At the heart that is the question. Thanks for correcting my grammar.

---------- Post added 06-02-2010 at 12:02 AM ---------- Previous post was 06-01-2010 at 11:57 PM ----------




AThornquist said:


> Grimmson said:
> 
> 
> 
> It is not a question we should divide over, call each other liberals/fundamentalists, or worse heretics.
> 
> 
> 
> 
> Ohh so are you a post-modern sissy, is that it?
Click to expand...

Sissy me? You obiviously didn’t see my work against partial preterism or my defense for non-Solomon authorship of Ecclesiastes . Or did you? LOL.
But really all, explain your position on the main question of this thread.

---------- Post added at 12:07 AM ---------- Previous post was at 12:02 AM ----------

Maybe one of the moderators could fix the grammatical mistake of the poll.


----------



## AThornquist

Personally, I've never even considered this question before. I suppose it just never occurred to me before you brought it up.


----------



## Tim

What would Usher's timeline say?


----------



## Jimmy the Greek

Ussher's chronology has Noah's birth in 2948 BC, his death in 1998 BC, followed by Abraham's call in 1920 BC. In this scenario, Abraham was called 78 years after Noah died. I can't find what Abraham's supposed age was when he was called.


----------



## goodnews

Jimmy the Greek said:


> Ussher's chronology has Noah's birth in 2948 BC, his death in 1998 BC, followed by Abraham's call in 1920 BC. In this scenario, Abraham was called 78 years after Noah died.
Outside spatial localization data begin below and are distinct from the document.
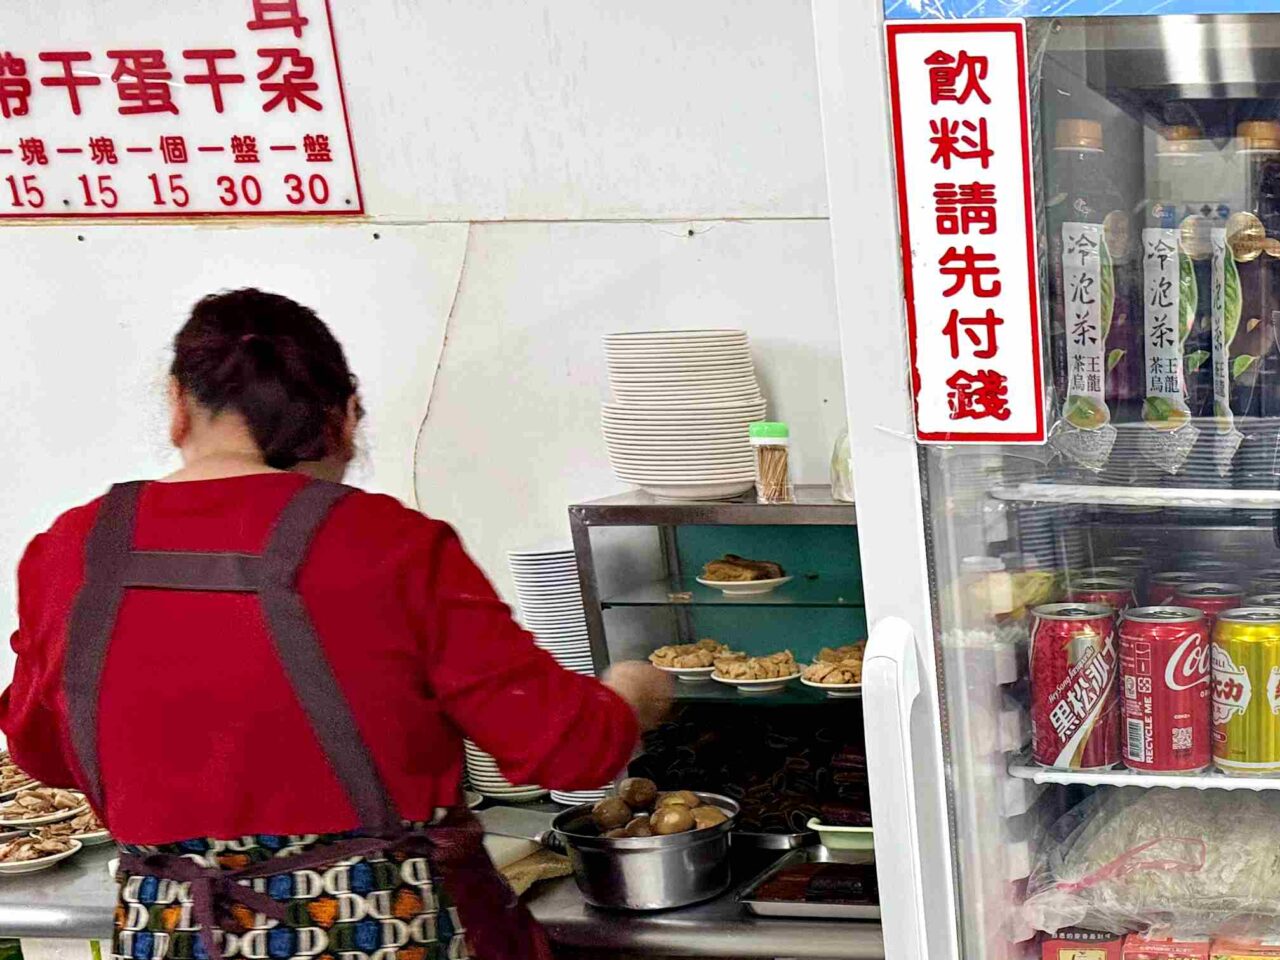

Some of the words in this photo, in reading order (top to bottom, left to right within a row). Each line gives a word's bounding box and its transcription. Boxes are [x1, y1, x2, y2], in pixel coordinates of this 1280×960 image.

[6, 175, 45, 208] 15
[78, 174, 118, 208] 15
[148, 173, 190, 207] 15
[216, 175, 262, 206] 30
[284, 174, 330, 205] 30
[924, 50, 1011, 421] 飲料請先付錢
[1068, 233, 1098, 347] 冷泡茶
[1147, 238, 1176, 348] 冷泡茶
[1049, 630, 1118, 743] 黑松沙士
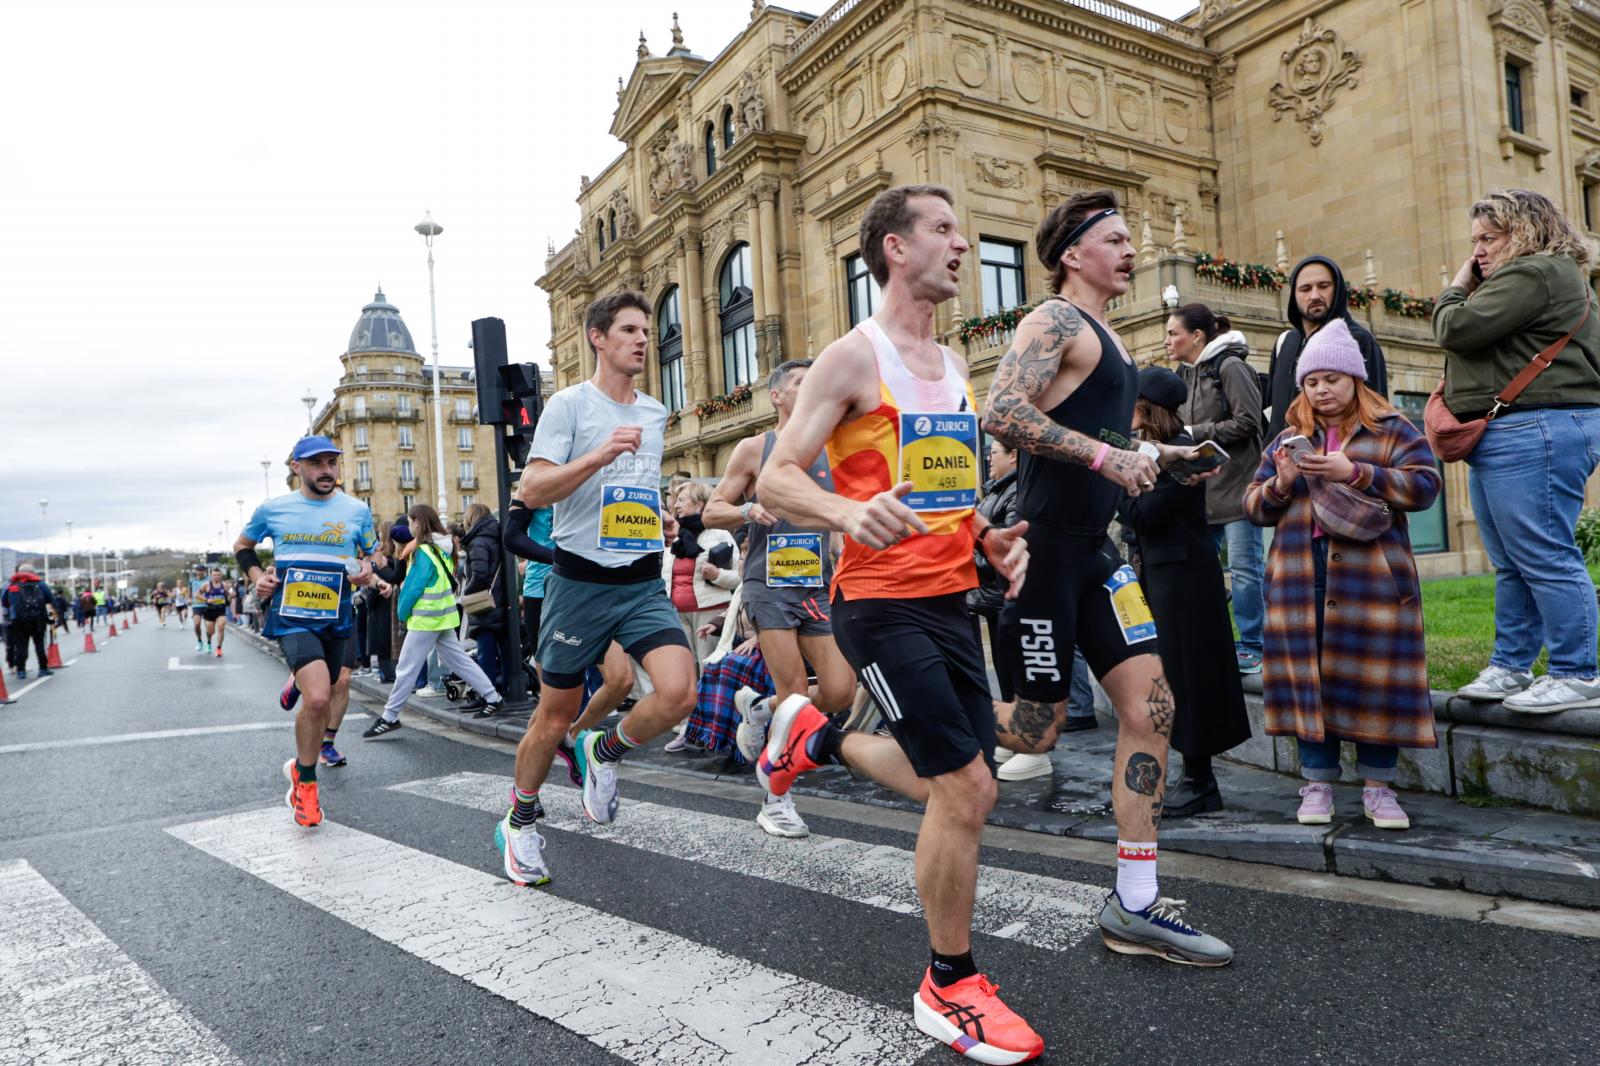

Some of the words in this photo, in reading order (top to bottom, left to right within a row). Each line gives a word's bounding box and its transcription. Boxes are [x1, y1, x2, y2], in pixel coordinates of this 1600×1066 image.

[935, 421, 969, 432] ZURICH
[923, 456, 970, 470] DANIEL
[938, 477, 957, 488] 493
[627, 491, 653, 500] ZURICH
[616, 515, 657, 525] MAXIME
[628, 529, 643, 537] 365
[306, 574, 334, 583] ZURICH
[297, 591, 332, 600] DANIEL
[1020, 618, 1061, 682] PSRC
I can't find what Abraham's supposed age was when he was called.



I seem to remember Abram being 75 when God called him from Haran. If all our chronology is correct then it's amazing how quickly the human race forgot the true God, even while Noah was alive.


----------



## Jerusalem Blade

Ussher holds that Abraham was born 2008 years after Adam’s birth, 4004 – 1997 BC, or year 1 AM (_Anno Mundi_ – year of the world) – 2008 AM.

We know that Noah was 600 years old when the flood came upon the earth (Gen 7:6); this was the year 1656 AM (2348 BC). We know that Noah lived to age 950, living 350 years after the flood (Gen 9:28, 29), which brings him to the year 2006 AM when he died.
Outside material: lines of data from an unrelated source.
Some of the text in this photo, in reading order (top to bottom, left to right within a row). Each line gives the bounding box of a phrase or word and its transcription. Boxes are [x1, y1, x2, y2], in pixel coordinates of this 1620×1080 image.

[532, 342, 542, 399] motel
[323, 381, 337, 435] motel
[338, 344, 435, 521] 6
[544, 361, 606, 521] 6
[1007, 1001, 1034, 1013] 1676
The differing schools of chronological reckoning agree in the 2008 years from Adam to Abraham (save the Rabbinic school, which is patently off), though some differ slightly on the creation start date; they likewise agree that the flood was 1656 years after the creation.

Trouble comes in to some reckonings as regards the age of Abraham’s father, Terah, when Abraham was born, whether it was when he was 130 years old or 70. D.A. Waite holds that Abraham was 88 years old when Noah died, though I don’t have access to his proofs, having only the chart of his results, copied out of his book, _Gems from Genesis_, p. viii. He is in disagreement with the other chronologists. 

As far as Ussher is concerned, Abraham was born two years after Noah died. I think this is probably sound.

Now Noah’s son, Shem, was still alive in the days of Abraham, though we have no indication they ever met.

I’ve been collecting the writings of the differing schools, though have not had the time to devote myself to studying them in-depth. Obviously I am of the young earth camp.


----------



## Pilgrim Standard

goodnews said:


> Jimmy the Greek said:
> 
> 
> 
> I seem to remember Abram being 75 when God called him from Haran. If all our chronology is correct then it's amazing how quickly the human race forgot the true God, even while Noah was alive.
> 
> 
> 
> 
> Now THIS is one of many reasons why questions such as the one proposed are important. Far too often I overlook questions such as these as if no benificial knowledge will be gained by proposing or answering them.
Click to expand...


----------



## VictorBravo

Another amazing thing is that Noah's dad, Lamech, could have met Adam. He was around 56 when Adam died if you follow the numbers in Gen. 5.


----------



## py3ak

VictorBravo said:


> Another amazing thing is that Noah's dad, Lamech, could have met Adam. He was around 56 when Adam died if you follow the numbers in Gen. 5.


 
And that kind of thing (if Hodge, Schaeffer, et al are incorrect about there being gaps in the Genesis genealogy) is why _written_ revelation was not so necessary then.


----------



## Augusta

According to the book of Jasher they lived at the same time. Book of Jasher 9


----------



## Jerusalem Blade

Hello Traci,

I don't give the book of Jasher (what we have in its name today) any credence, but rather as adding to the word of God. That there was such a book back then the Scripture affirms, though it was not accorded the status of Scripture and included in the canon. What we have of it today (in 3 versions) is like a Hollywood movie treating the Bible, full of fanciful additions.


----------



## Pergamum

Wow, fascinating thread!


----------



## Augusta

Steve, would you give it the same credence as say Josephus? He said some fanciful things as well but people still give much credence to his historical record.


----------



## Skyler

I voted "Yes", "No", and "Who cares, it [sic] a silly debate". I didn't feel like looking it up and doing the math right now.


----------



## Grimmson

Augusta said:


> Steve, would you give it the same credence as say Josephus? He said some fanciful things as well but people still give much credence to his historical record.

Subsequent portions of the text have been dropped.